> Exercise input
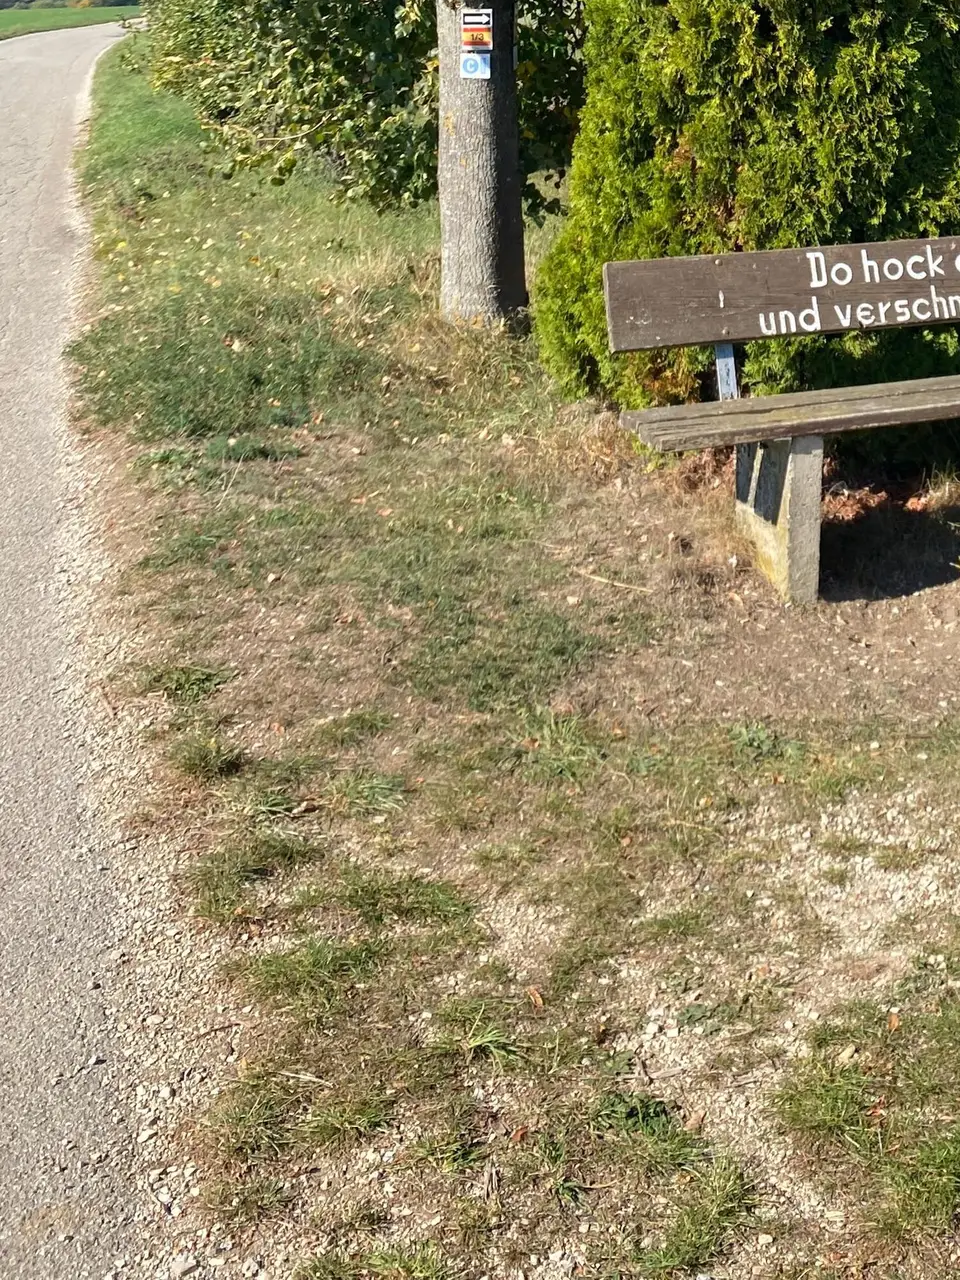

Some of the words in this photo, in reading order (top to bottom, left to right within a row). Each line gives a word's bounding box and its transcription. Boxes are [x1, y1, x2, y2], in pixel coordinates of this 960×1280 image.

[470, 33, 484, 41] 1/3
[806, 251, 853, 288] Do
[860, 244, 945, 283] hock
[758, 295, 822, 336] und
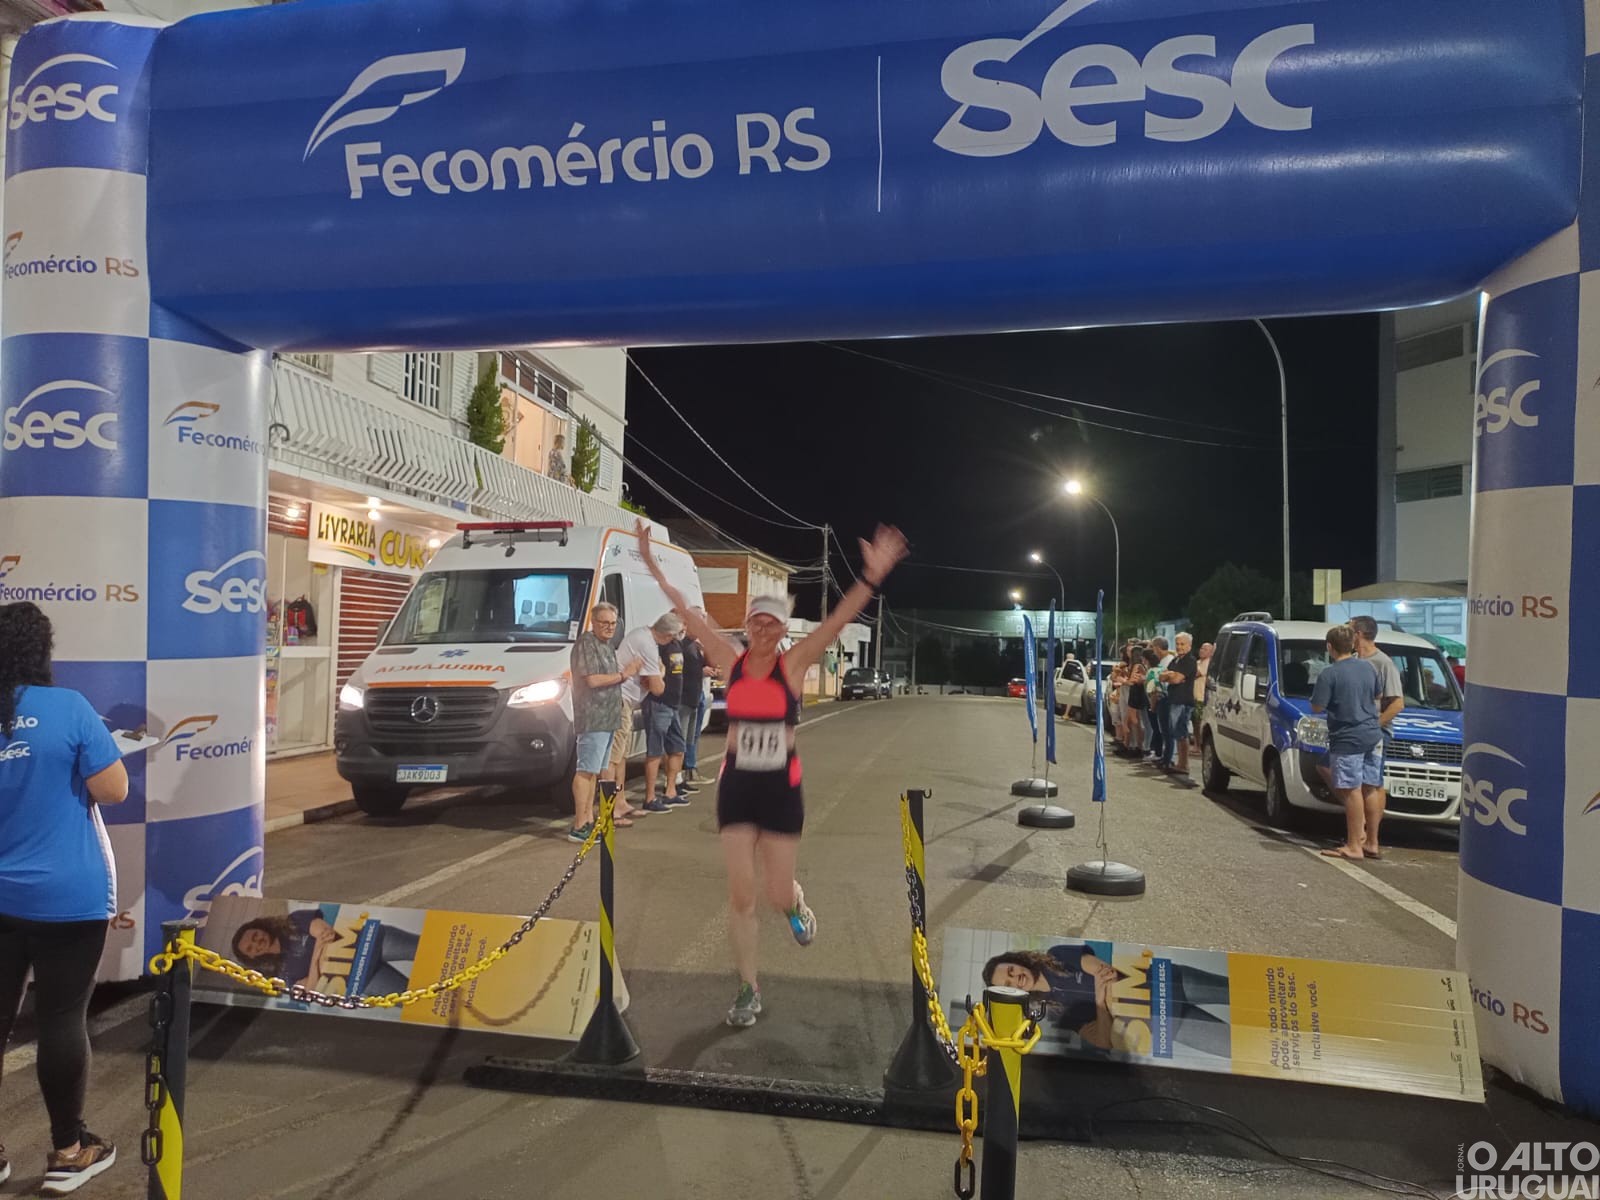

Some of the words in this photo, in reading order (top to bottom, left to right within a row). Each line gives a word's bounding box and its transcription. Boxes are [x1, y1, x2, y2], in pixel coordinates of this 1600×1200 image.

> Assigned task
Write out the records above exactly. Pictures do not belong in the copy.

> Task response
Some of the words in this photo, in reading order (top to bottom, left to right within a row). Each line gives a word's bounding box and its transcription. Boxes are [x1, y1, x2, y2], in pixel coordinates of this 960×1280 image.

[470, 33, 484, 41] 1/3
[806, 251, 853, 288] Do
[860, 244, 945, 283] hock
[758, 295, 822, 336] und

Some of the words in this photo, in reading order (top to bottom, left to right within a row). Each line gives a word's bounding box and its transcription. Boxes are [x1, y1, x2, y2], in pixel coordinates of this 1600×1200 image.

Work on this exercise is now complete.